Exercise aim.
Every entry that follows should be output exactly, and every image in it left out.

Content starts

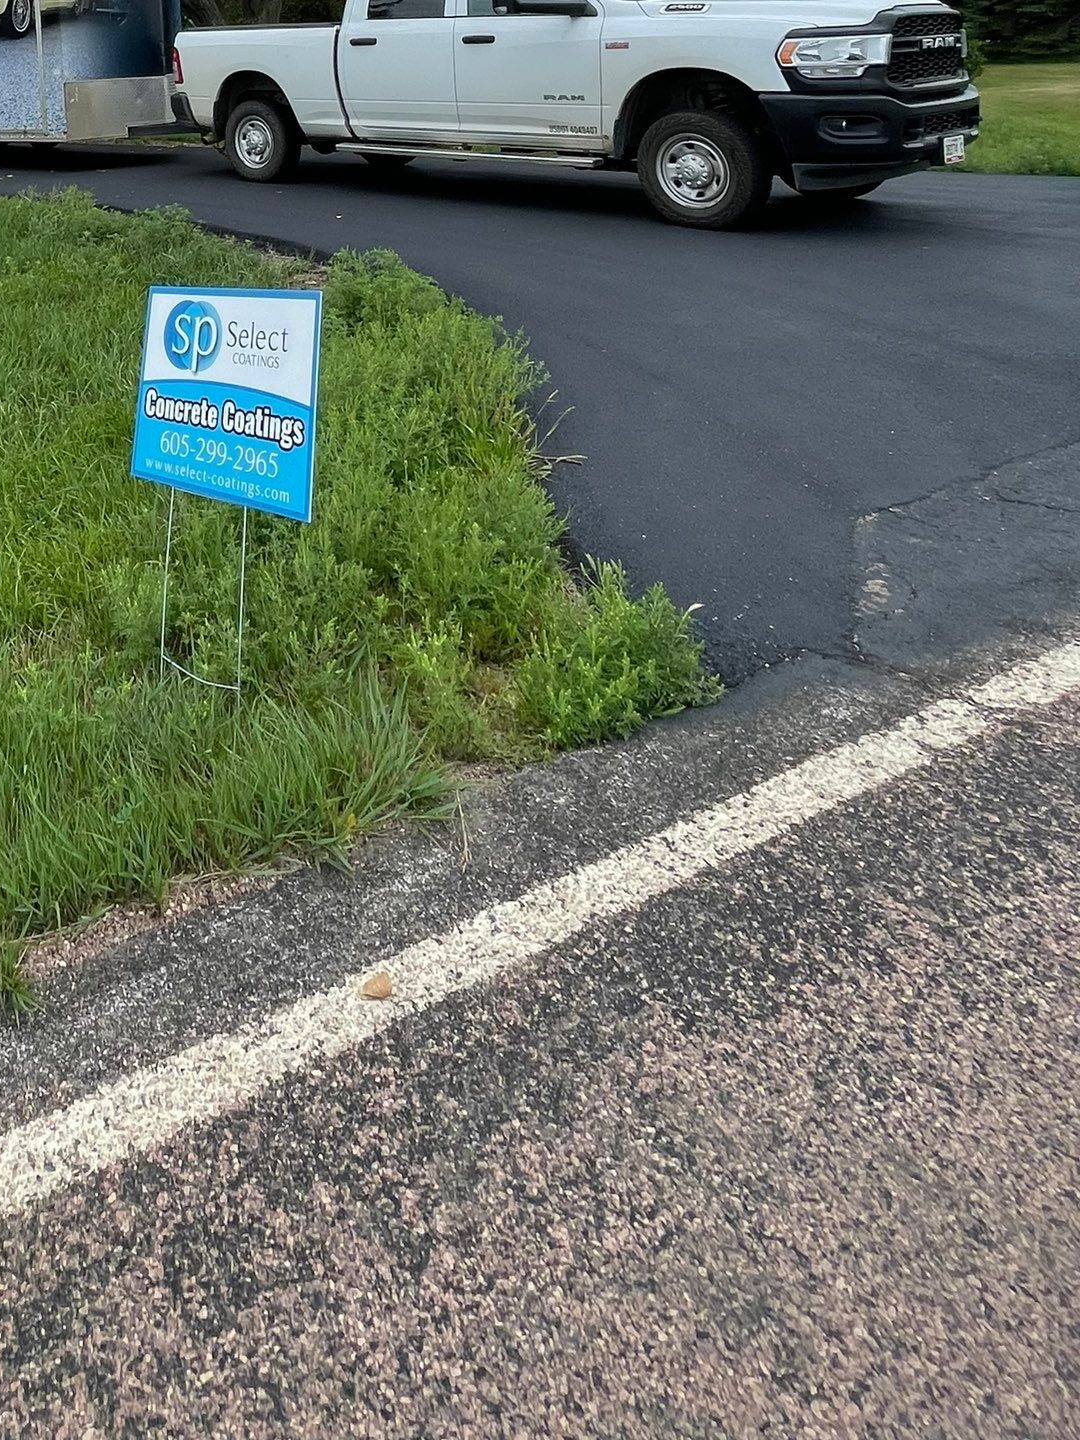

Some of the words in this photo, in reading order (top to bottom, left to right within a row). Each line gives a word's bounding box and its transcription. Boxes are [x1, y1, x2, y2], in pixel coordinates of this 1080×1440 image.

[921, 36, 955, 50] RAM
[226, 321, 289, 353] Select
[232, 352, 280, 369] COATINGS
[145, 387, 218, 430] Concrete
[221, 399, 305, 452] Coatings
[160, 430, 279, 478] 605-299-2965
[145, 458, 290, 503] www.select-coatings.com
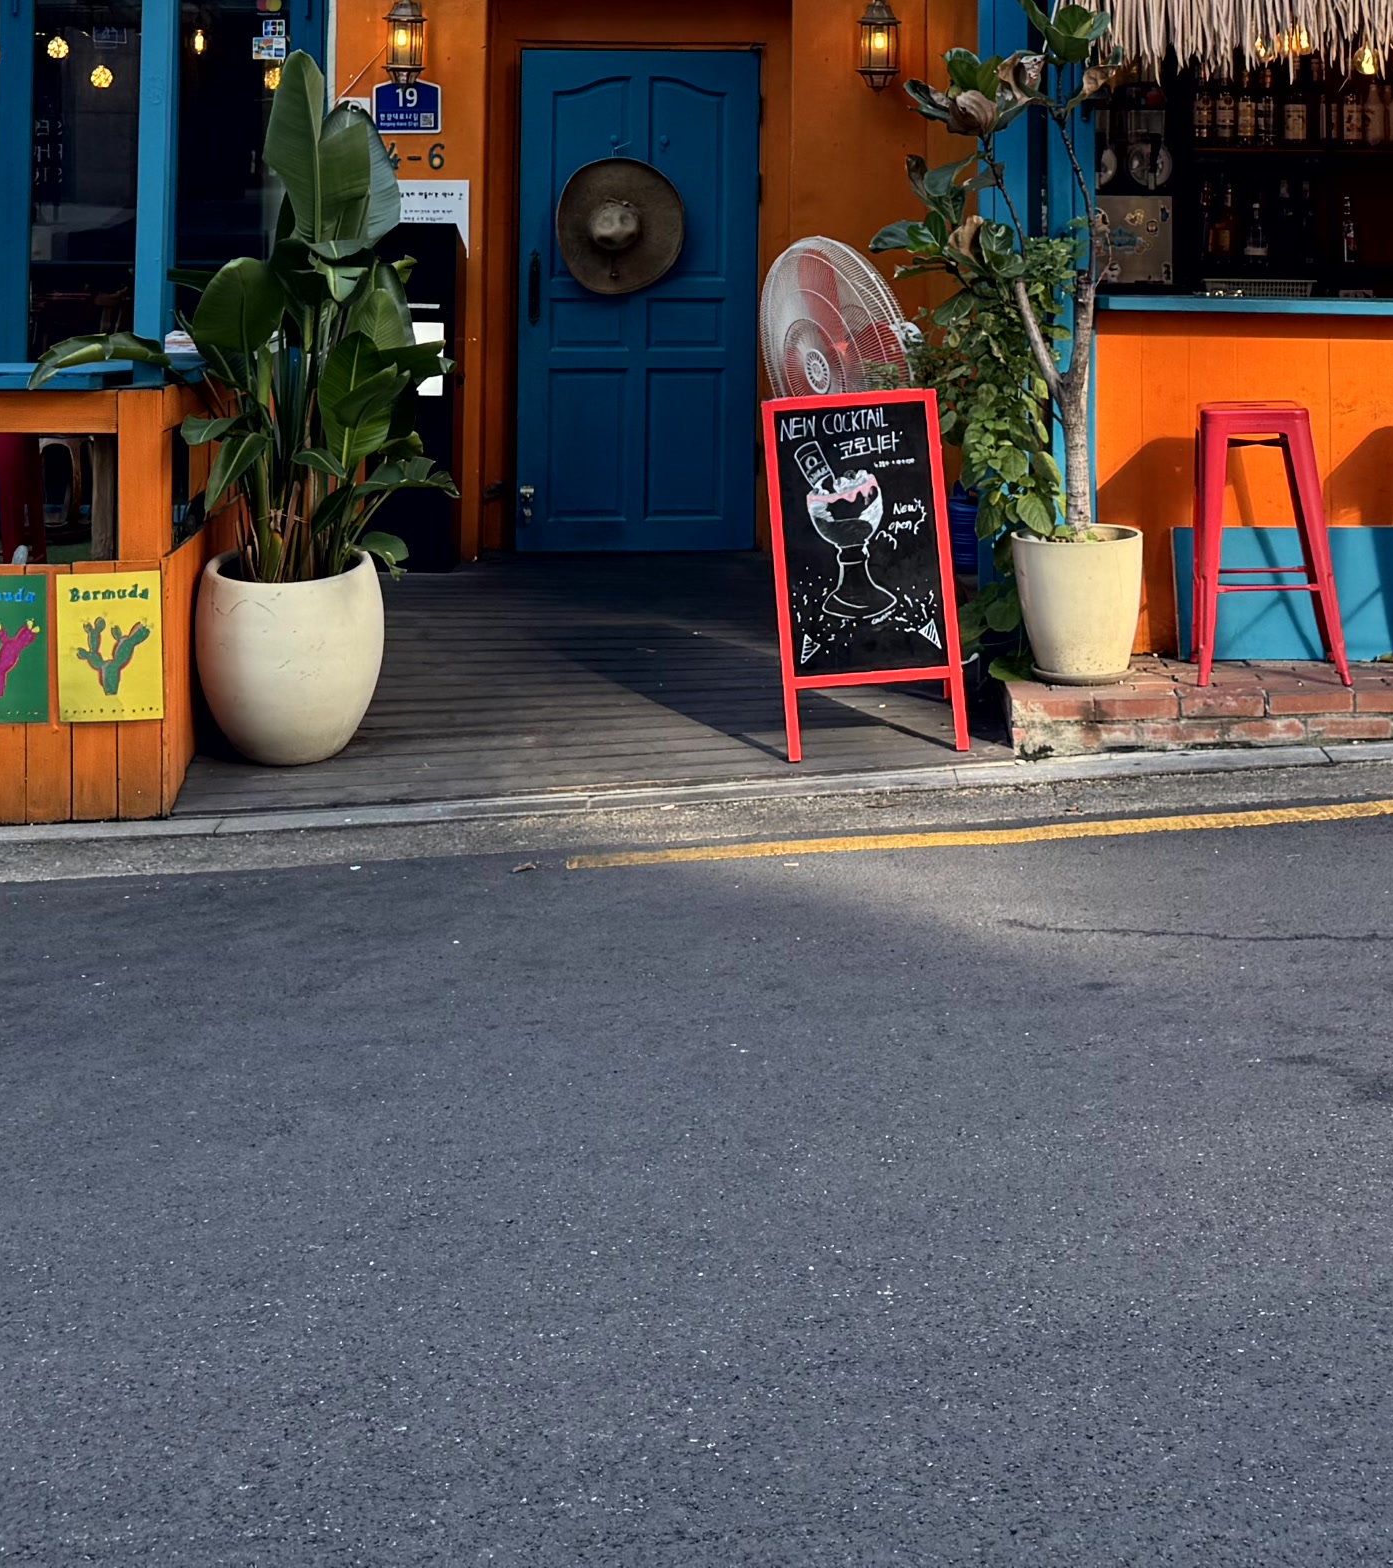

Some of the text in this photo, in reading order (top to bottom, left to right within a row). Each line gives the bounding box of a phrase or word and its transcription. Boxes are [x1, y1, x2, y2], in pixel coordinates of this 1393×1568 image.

[395, 87, 418, 108] 19
[780, 415, 816, 442] NEW
[888, 520, 912, 534] open
[69, 584, 149, 603] Bermuda
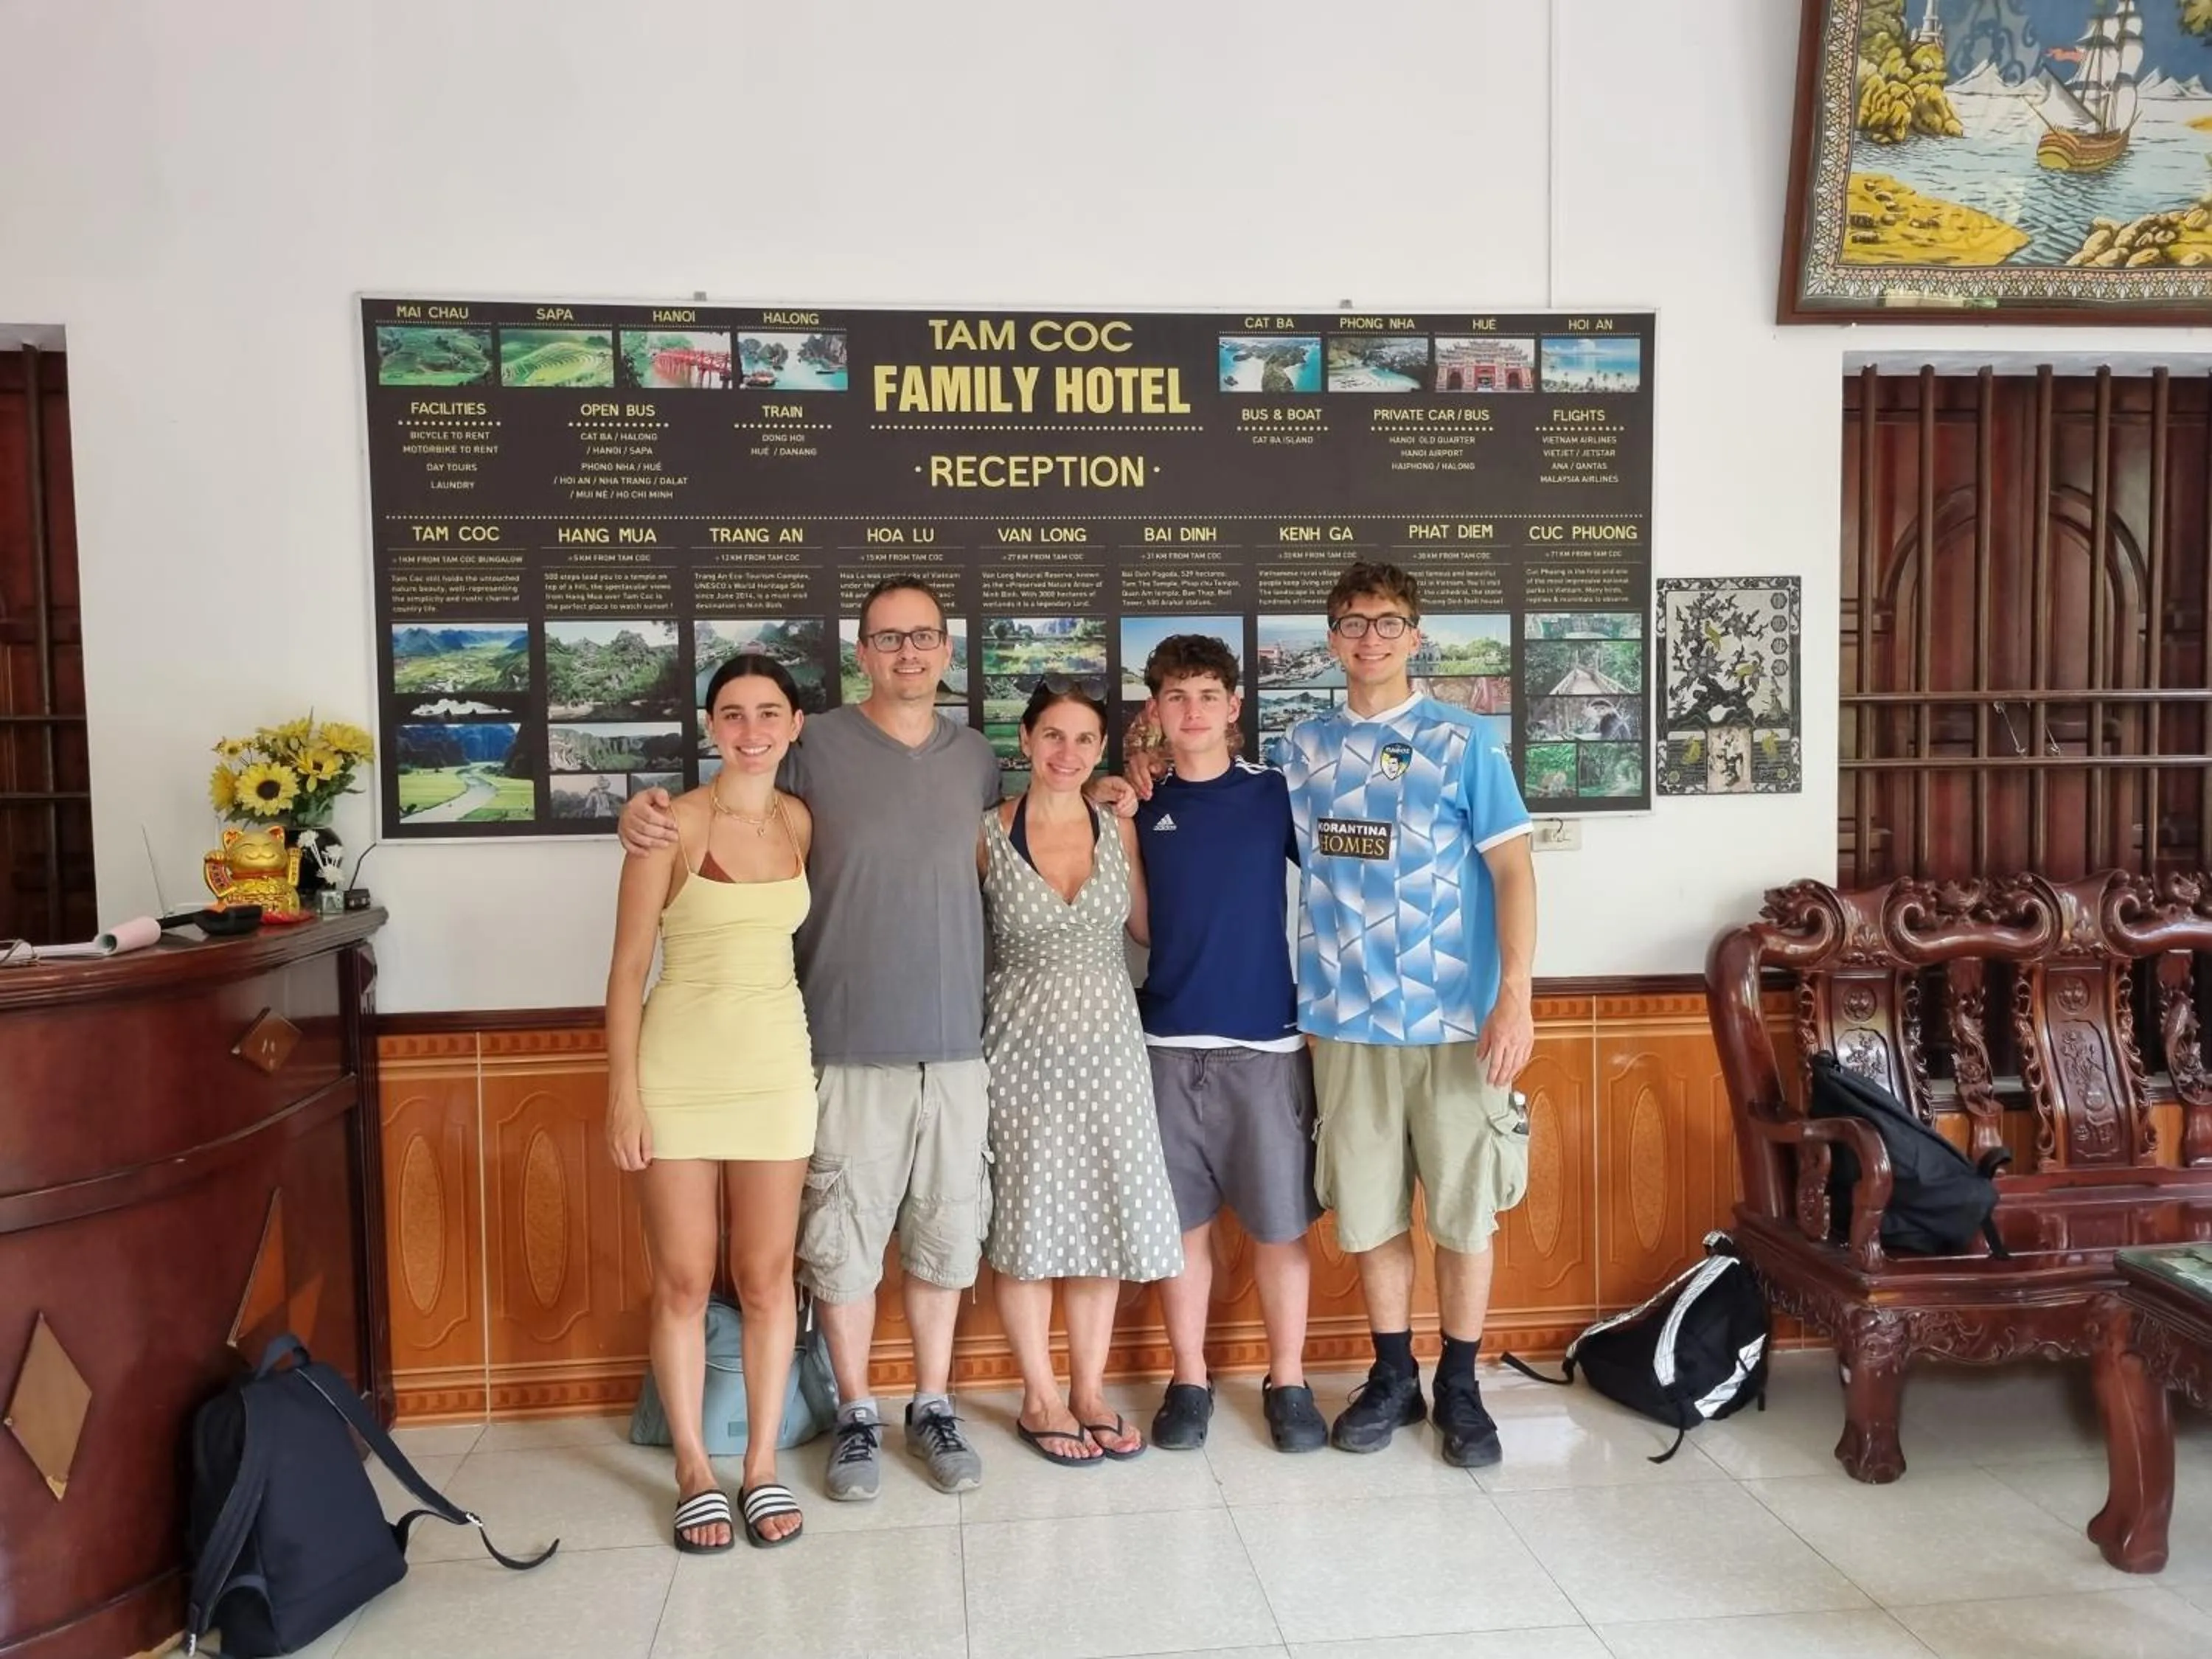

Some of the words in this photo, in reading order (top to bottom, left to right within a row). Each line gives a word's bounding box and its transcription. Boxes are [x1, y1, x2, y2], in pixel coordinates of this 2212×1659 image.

[396, 306, 422, 319] MAI
[428, 307, 468, 319] CHAU
[536, 308, 574, 320] SAPA
[653, 310, 696, 321] HANOI
[764, 313, 819, 324] HALONG
[1245, 317, 1270, 328] CAT
[1276, 318, 1294, 328] BA
[1340, 318, 1383, 329] PHONG
[1390, 319, 1416, 329] NHA
[1569, 319, 1589, 330] HOI
[1596, 319, 1613, 330] AN
[929, 320, 1015, 350] TAM
[1030, 321, 1133, 352] COC
[874, 366, 1040, 412] FAMILY
[1056, 367, 1191, 413] HOTEL
[411, 403, 487, 414] FACILITIES
[581, 404, 619, 416] OPEN
[627, 405, 655, 416] BUS
[762, 406, 802, 417] TRAIN
[1242, 408, 1268, 420] BUS
[1273, 408, 1282, 420] &
[1287, 408, 1321, 420] BOAT
[1374, 409, 1424, 420] PRIVATE
[1554, 410, 1604, 421] FLIGHTS
[931, 456, 1144, 487] RECEPTION
[413, 526, 448, 540] TAM
[459, 526, 499, 541] COC
[559, 529, 609, 543] HANG
[619, 528, 656, 543] MUA
[709, 528, 769, 542] TRANG
[779, 529, 802, 542] AN
[867, 528, 904, 542] HOA
[913, 529, 933, 542] LU
[998, 528, 1032, 541] VAN
[1041, 528, 1086, 541] LONG
[1144, 528, 1171, 541] BAI
[1180, 528, 1216, 541] DINH
[1280, 527, 1320, 540] KENH
[1329, 526, 1353, 540] GA
[1410, 525, 1450, 538] PHAT
[1458, 525, 1492, 538] DIEM
[1529, 526, 1563, 540] CUC
[1572, 526, 1637, 539] PHUONG
[1321, 835, 1385, 857] HOMES

Content ends

Written answer.
Some of the words in this photo, in reading order (top to bottom, left to right within a row). Each line gives a word's bounding box and its transcription. Boxes are [x1, y1, x2, y2], in pixel coordinates of this 1080×1440 image.

[921, 36, 955, 50] RAM
[226, 321, 289, 353] Select
[232, 352, 280, 369] COATINGS
[145, 387, 218, 430] Concrete
[221, 399, 305, 452] Coatings
[160, 430, 279, 478] 605-299-2965
[145, 458, 290, 503] www.select-coatings.com

Some of the text in this photo, in reading order (top to bottom, left to right within a row). Each line gives the bounding box of a phrase or word and its transcription. Boxes are [x1, y1, x2, y2], in pixel coordinates of this 1393×1568 image.

[395, 87, 418, 108] 19
[780, 415, 816, 442] NEW
[888, 520, 912, 534] open
[69, 584, 149, 603] Bermuda

Some of the words in this photo, in reading order (top to bottom, left to right within a row). Each line gives a word's bounding box and its transcription. Boxes are [x1, y1, x2, y2], in pixel coordinates of this 2212×1659 image.

[396, 306, 422, 319] MAI
[428, 307, 468, 319] CHAU
[536, 308, 574, 320] SAPA
[653, 310, 696, 321] HANOI
[764, 313, 819, 324] HALONG
[1245, 317, 1270, 328] CAT
[1276, 318, 1294, 328] BA
[1340, 318, 1383, 329] PHONG
[1390, 319, 1416, 329] NHA
[1569, 319, 1589, 330] HOI
[1596, 319, 1613, 330] AN
[929, 320, 1015, 350] TAM
[1030, 321, 1133, 352] COC
[874, 366, 1040, 412] FAMILY
[1056, 367, 1191, 413] HOTEL
[411, 403, 487, 414] FACILITIES
[581, 404, 619, 416] OPEN
[627, 405, 655, 416] BUS
[762, 406, 802, 417] TRAIN
[1242, 408, 1268, 420] BUS
[1273, 408, 1282, 420] &
[1287, 408, 1321, 420] BOAT
[1374, 409, 1424, 420] PRIVATE
[1554, 410, 1604, 421] FLIGHTS
[931, 456, 1144, 487] RECEPTION
[413, 526, 448, 540] TAM
[459, 526, 499, 541] COC
[559, 529, 609, 543] HANG
[619, 528, 656, 543] MUA
[709, 528, 769, 542] TRANG
[779, 529, 802, 542] AN
[867, 528, 904, 542] HOA
[913, 529, 933, 542] LU
[998, 528, 1032, 541] VAN
[1041, 528, 1086, 541] LONG
[1144, 528, 1171, 541] BAI
[1180, 528, 1216, 541] DINH
[1280, 527, 1320, 540] KENH
[1329, 526, 1353, 540] GA
[1410, 525, 1450, 538] PHAT
[1458, 525, 1492, 538] DIEM
[1529, 526, 1563, 540] CUC
[1572, 526, 1637, 539] PHUONG
[1321, 835, 1385, 857] HOMES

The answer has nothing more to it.